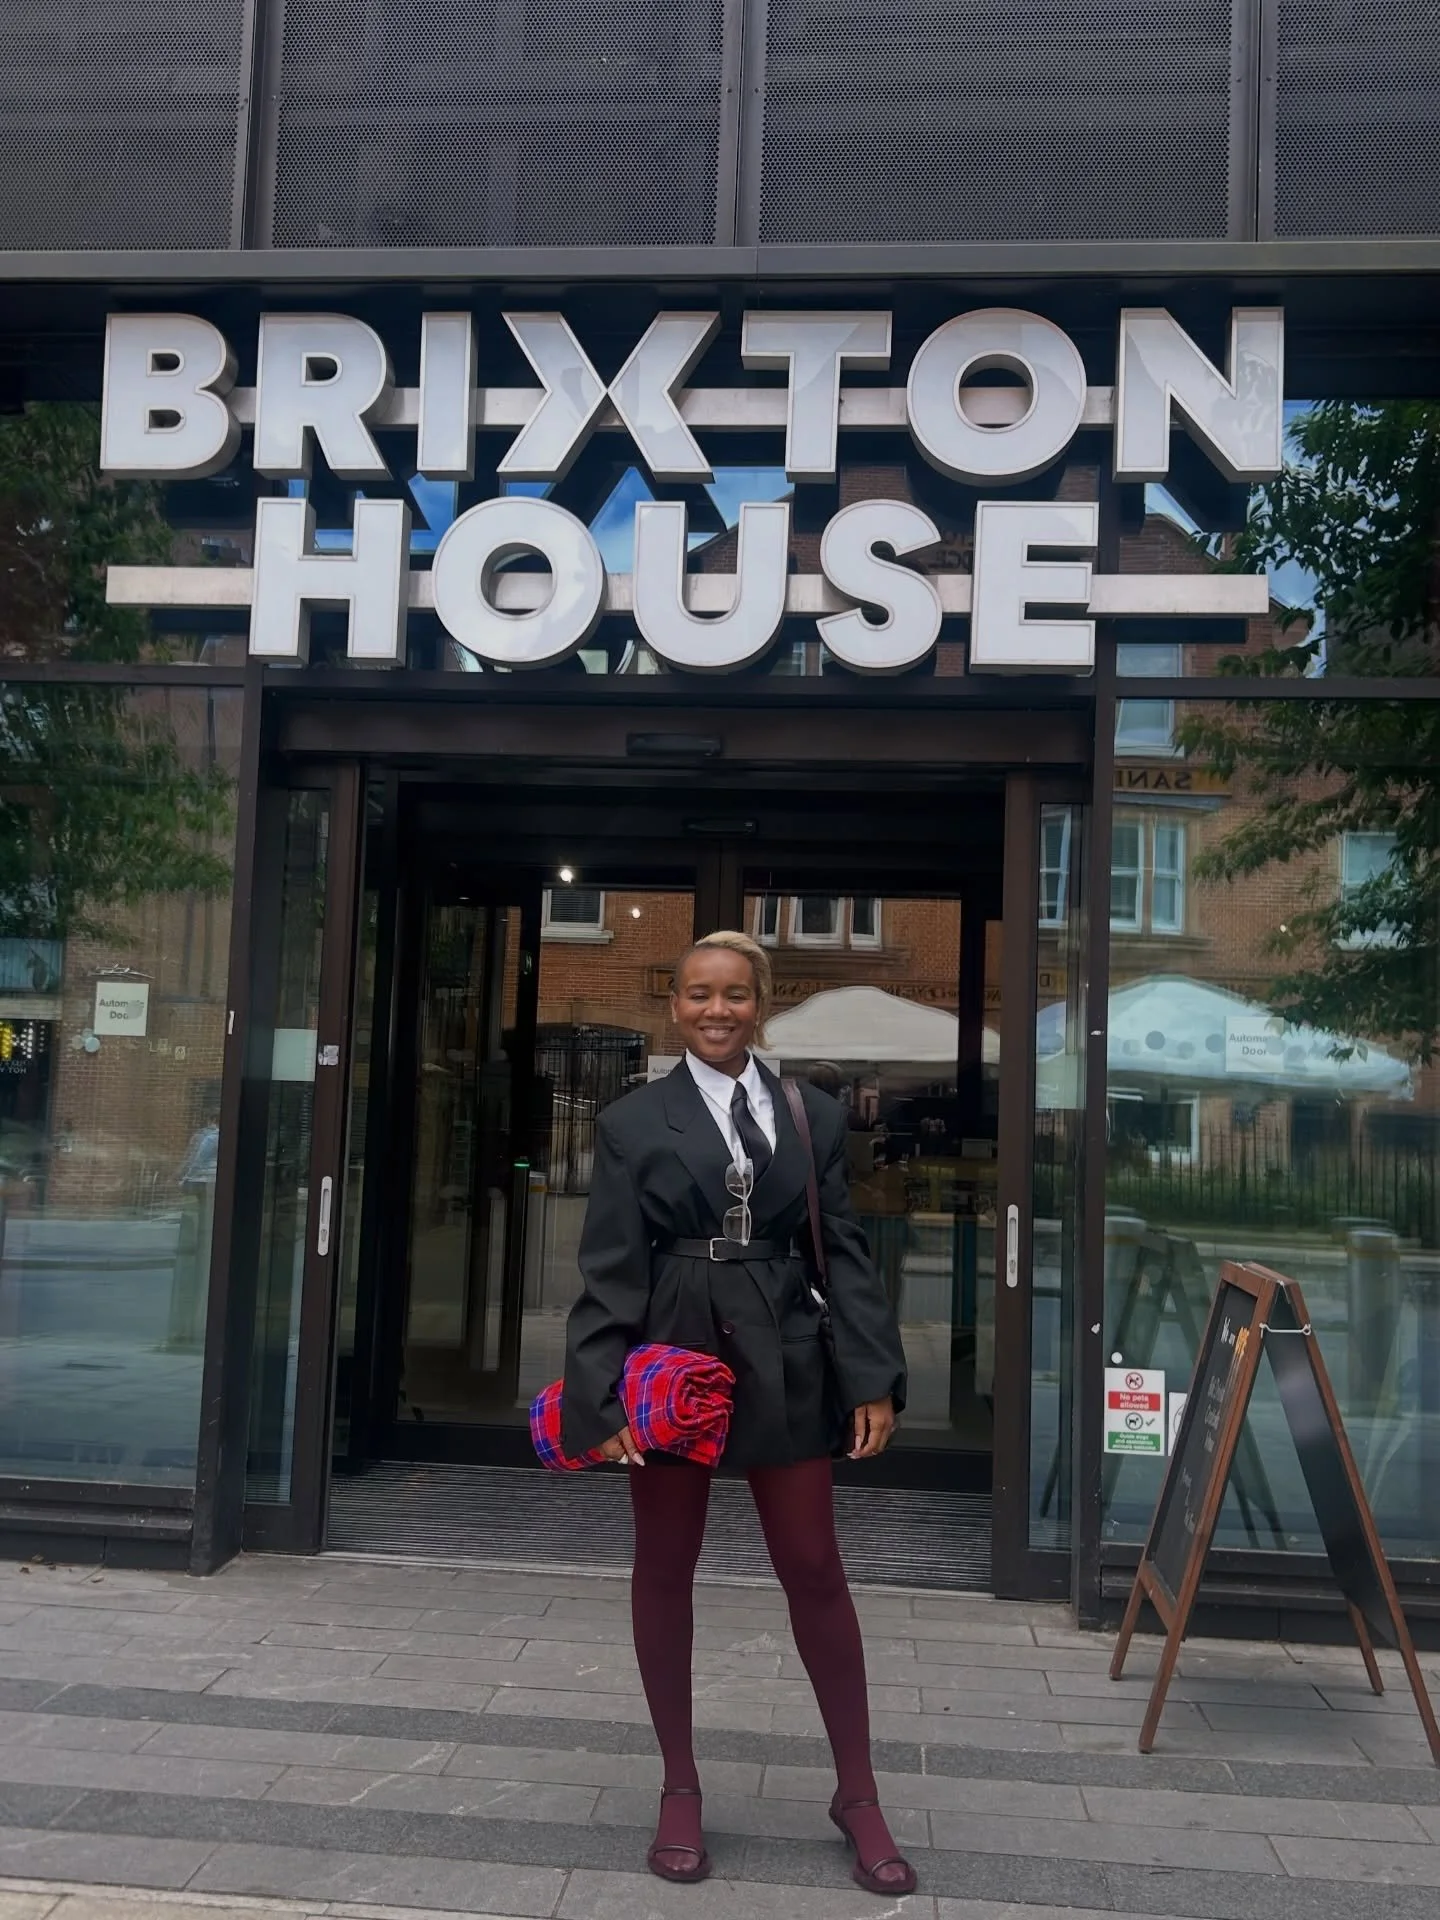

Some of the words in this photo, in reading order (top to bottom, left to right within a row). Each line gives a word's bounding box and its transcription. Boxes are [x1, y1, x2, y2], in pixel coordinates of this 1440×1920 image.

[100, 307, 1284, 486] BRIXTON
[249, 497, 1099, 676] HOUSE
[1229, 1033, 1269, 1042] Automa
[1120, 1392, 1131, 1400] No
[1132, 1394, 1149, 1402] pets

----------------------------------------

**Task to carry out:** Each entry shown above must be quoted exactly, with its pictures left out.

**Result for this task:**
Some of the words in this photo, in reading order (top to bottom, left to right within a row). Each line gives a word's bounding box and its transcription. Boxes are [x1, y1, x2, y2], in pixel coordinates of this 1440×1920 image.

[100, 307, 1284, 486] BRIXTON
[249, 497, 1099, 676] HOUSE
[1229, 1033, 1269, 1042] Automa
[1120, 1392, 1131, 1400] No
[1132, 1394, 1149, 1402] pets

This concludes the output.